Children Are Like Locs

Children Are Like Locs

by Anika Prather 

The Living Water School, Alexandria, VA


This has been the year for me personally, as a mom and as a school founder, to fully mentally and emotionally grasp that kids do not need our help to learn. It took these almost 4 years to fully shed any notion of assisting or even scaffolding what children are learning. I totally believe that we should just leave kids alone and stop interrupting them! I mean, I don’t even waste my breath asking my own kids what they learned or experienced, and they are developing in such incredible ways.
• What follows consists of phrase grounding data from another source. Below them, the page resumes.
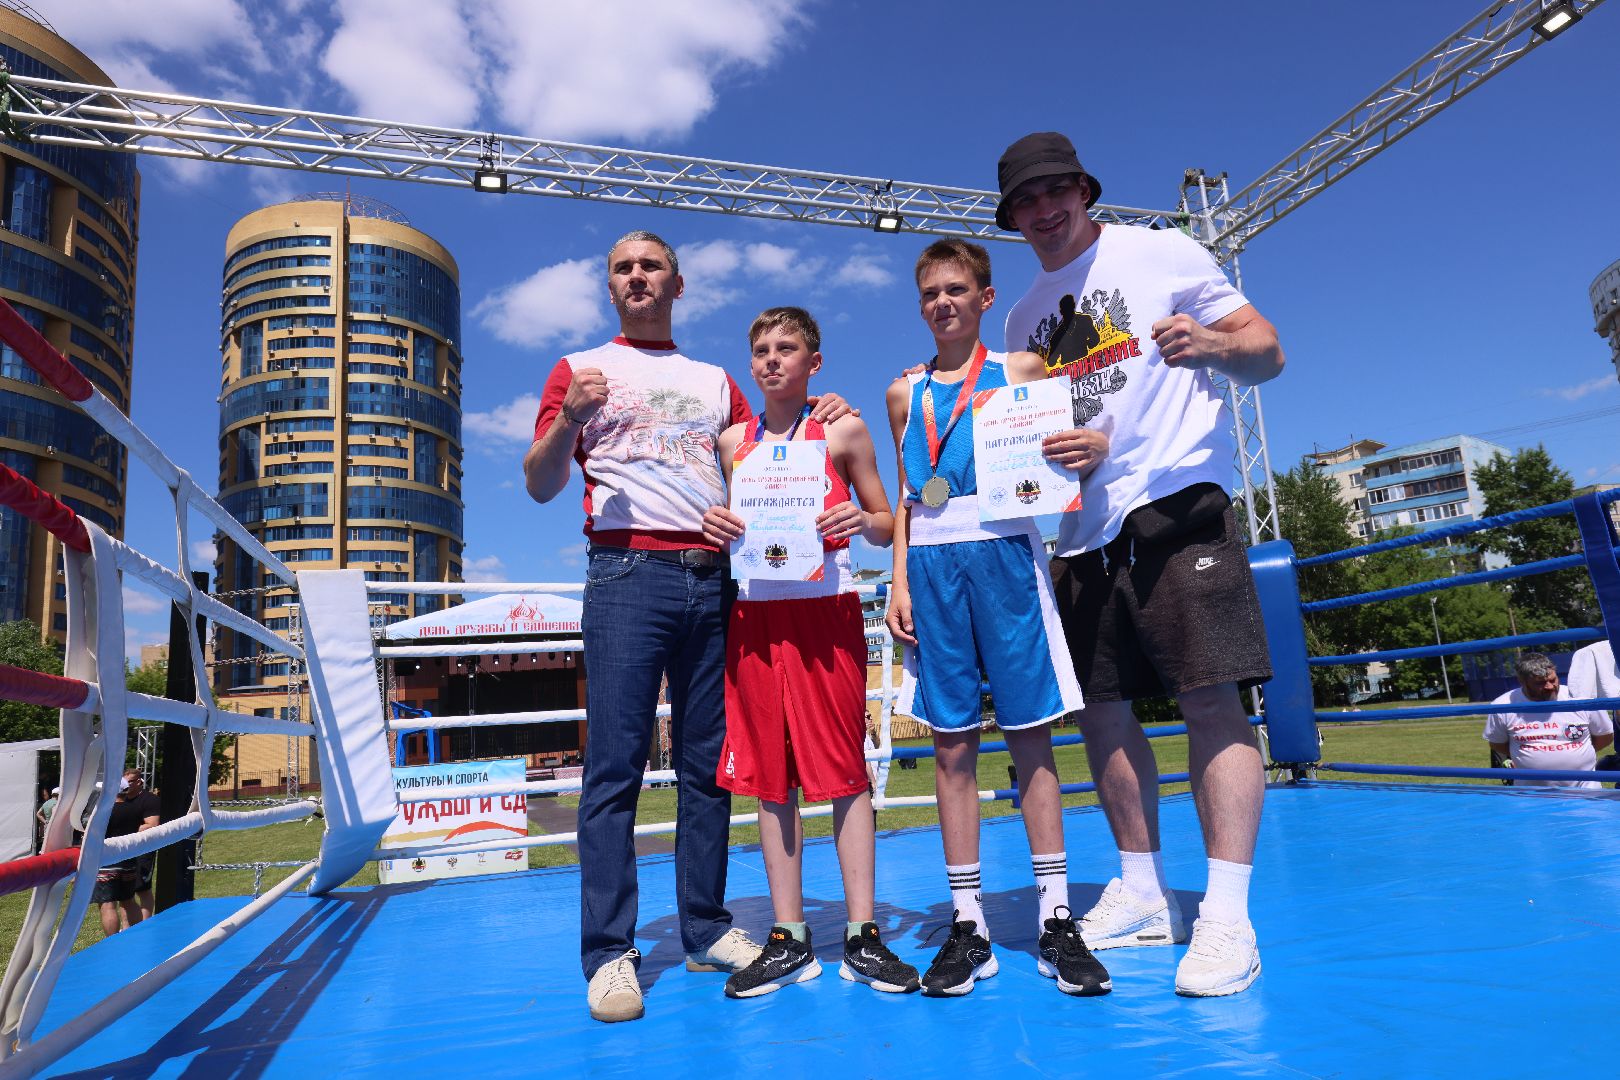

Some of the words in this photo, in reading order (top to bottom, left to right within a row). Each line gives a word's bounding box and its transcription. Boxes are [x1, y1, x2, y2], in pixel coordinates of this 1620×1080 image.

[1071, 370, 1111, 399] АВЯН
[740, 497, 815, 508] НАГРАЖДАЕТСЯ
[1198, 557, 1214, 566] NIKE
[419, 626, 450, 637] ДЕНЬ
[455, 623, 505, 635] ДРУЖБЫ
[511, 622, 518, 632] И
[396, 775, 445, 789] КУЛЬТУРЫ
[447, 774, 453, 785] И
[455, 772, 489, 784] СПОРТА
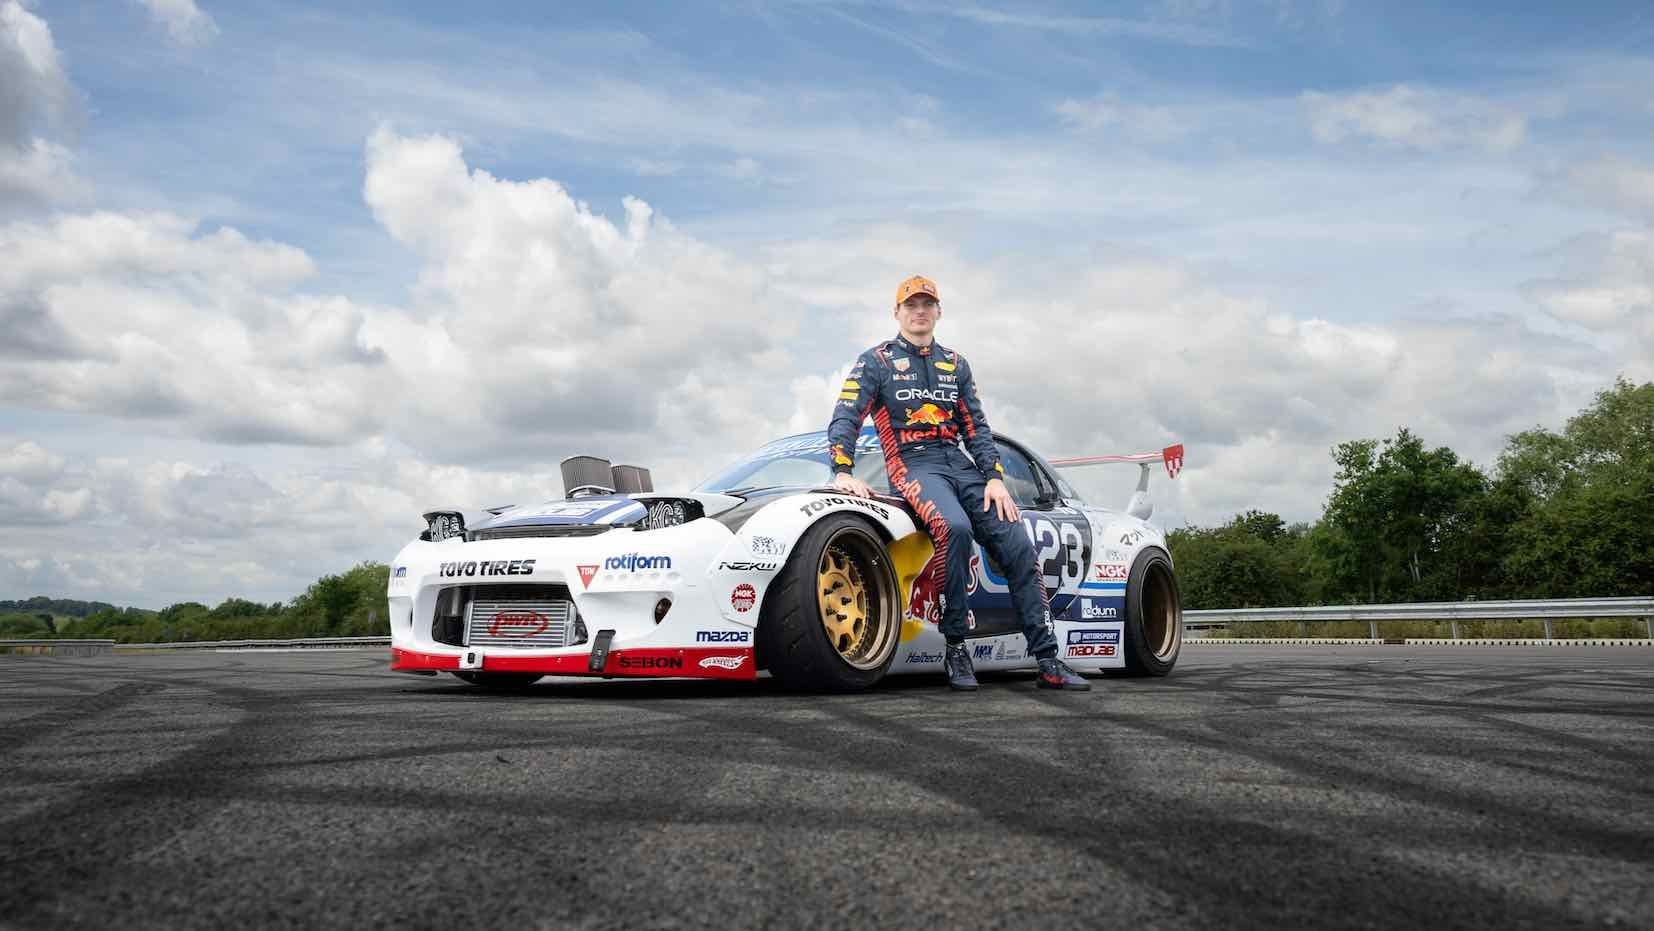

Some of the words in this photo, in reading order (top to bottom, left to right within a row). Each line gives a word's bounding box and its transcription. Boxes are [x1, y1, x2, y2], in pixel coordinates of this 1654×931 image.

[896, 388, 958, 402] ORACLE
[650, 501, 674, 531] KC
[844, 498, 889, 520] TIRES
[479, 560, 536, 576] TIRES
[605, 552, 671, 572] rotiform
[1095, 565, 1127, 578] NGK
[1082, 632, 1118, 640] MOTORSPORT
[905, 652, 944, 664] Haltech
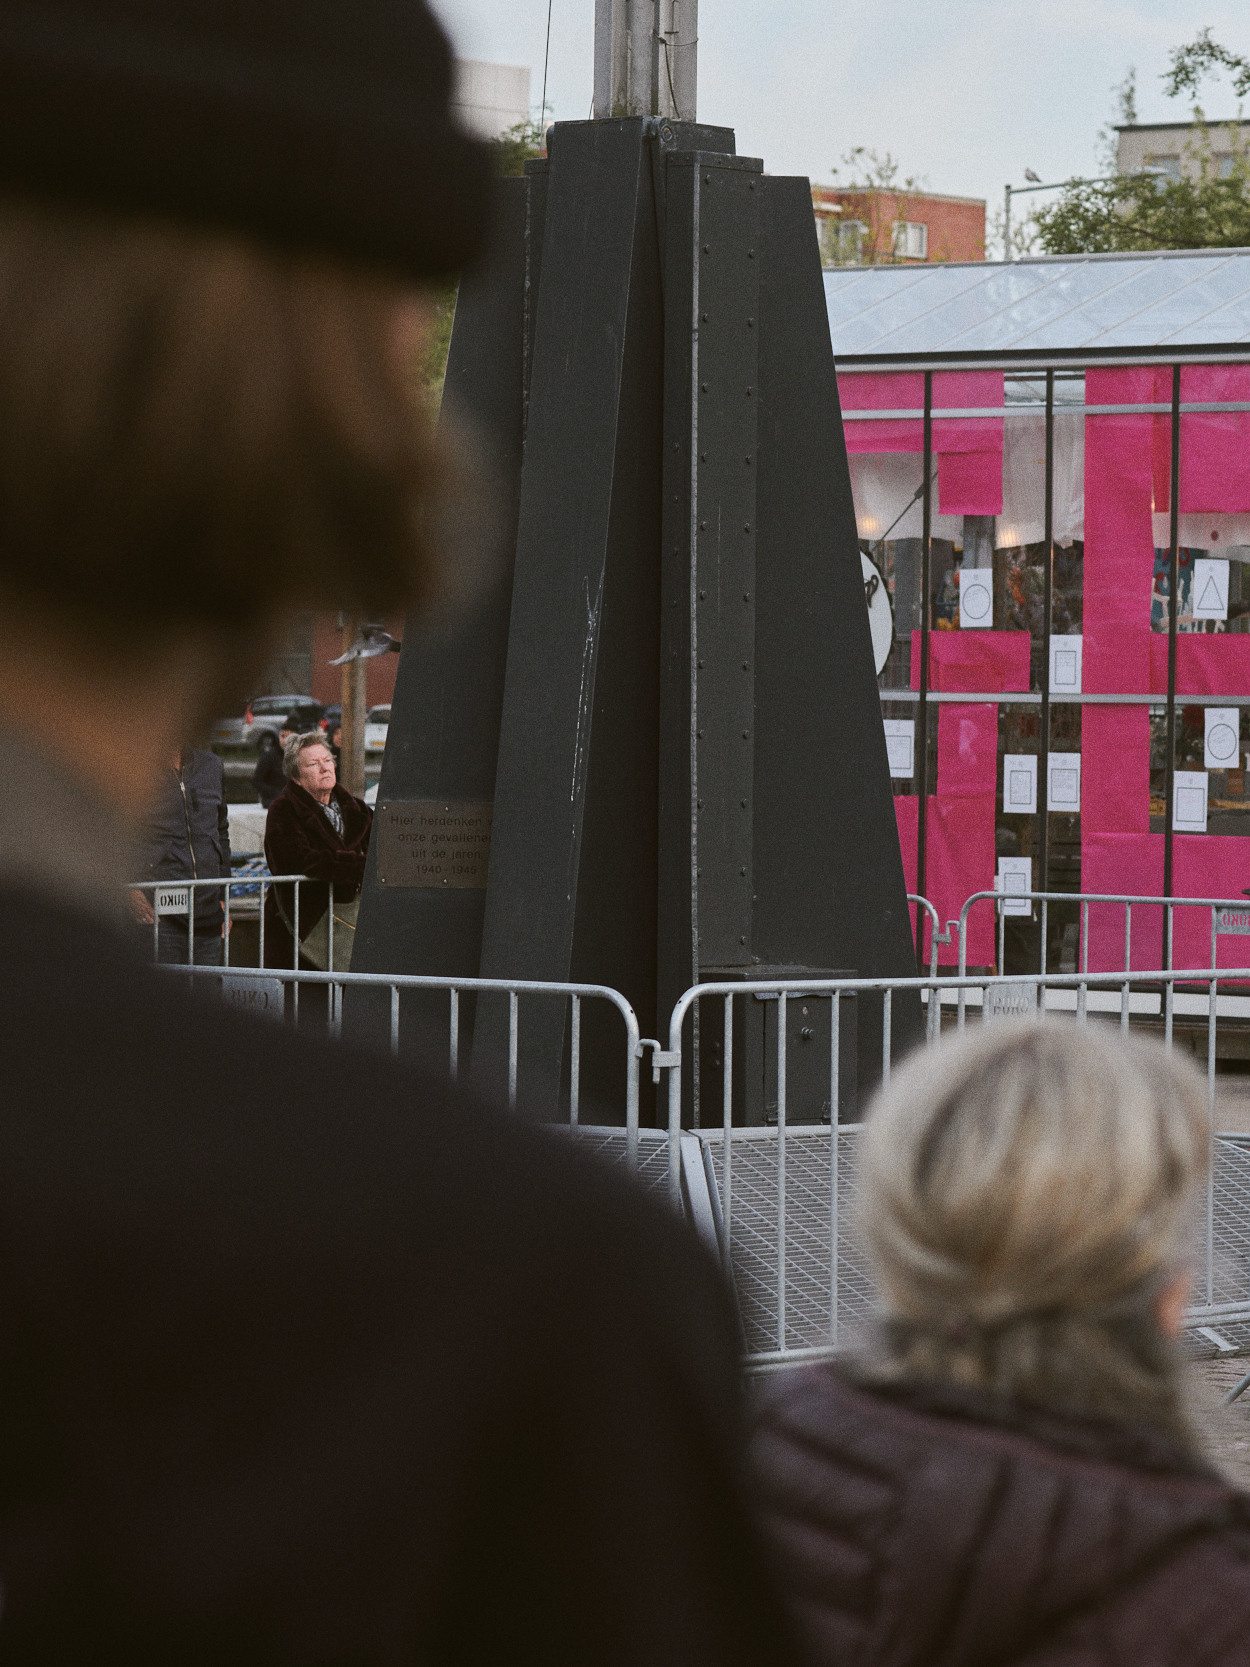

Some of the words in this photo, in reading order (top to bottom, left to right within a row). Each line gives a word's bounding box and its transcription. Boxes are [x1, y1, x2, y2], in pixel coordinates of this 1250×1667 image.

One day I had an epiphany about this. I have dreadlocs. This is the second time I’ve done my hair like this. The first time was just after college, and I wore them for 15 years. I would wash and put gel in it and twist them so they looked perfect. After some time my hair began to thin out so I cut them out and wore an Afro for a long time. Then I decided to wear the type of locs that Rastafarians wear, which are called “free form locs”. I literally just stopped combing and styling my hair. I washed it and put olive oil in it only. I only used a translucent shampoo, no conditioner. Basically I did as little to it as possible. My hair looked really crazy at first, but then it started forming these natural rope-like locs all over my head. All different shapes and sizes. This is my third year with them and people give me compliments about them all the time. Ladies will say, “So how’d you get your hair like that?” And I will say, “I didn’t do anything.” And they look with a blank look for a while and ask the same question in a different way. And I’ll just say, “Look, I didn’t do anything to my hair. I washed it, oiled it, and left it alone. Just nurtured it and let it do its thing.” When I said that, I thought to myself, “OMG! Children are like locs!!”

Evidence of how my family continues to evolve has also been seen in the fact that my husband no longer asks about their academics. In fact, I caught him in a debate with someone about why there should not be a thing called “tablet time”. He went on to explain with so much pride how his sons (my daughter does not like video games, but LOVES art) are so computer literate, are learning to set up their own YouTube channels, looking into how to design video games, etc., all because (when we are not running around in the family van) the kids are allowed to enjoy their electronics.

Now don’t get me wrong, Damon and I both still have “residue” and every once in a while may ask them if they need to take a break from gaming, but it is rare. I will say, seeing my husband defend Sudbury means everything. 

This is how my life personally is continuing to evolve. Even my mom and dad are on board now and they loved meeting Mimsy. I think meeting her was a turning point for them. They can even argue the philosophy to others. Even as I’m writing this, my kids are in their space, doing their thing. My sons sitting nearby on the floor watching YouTube videos and gaming, and my daughter – I can’t even see her right now, but I hear her rustling around in her room crafting something out of a cardboard box I just gave her. They are free. My in-laws visited recently and noticed, “Hey Nika, we’ve been here all these days, and have never heard your kids crying or being upset.” I hadn’t thought of that before, but they are so content. My oldest son will come to me frequently and talk about how much he loves me for just letting him be free. 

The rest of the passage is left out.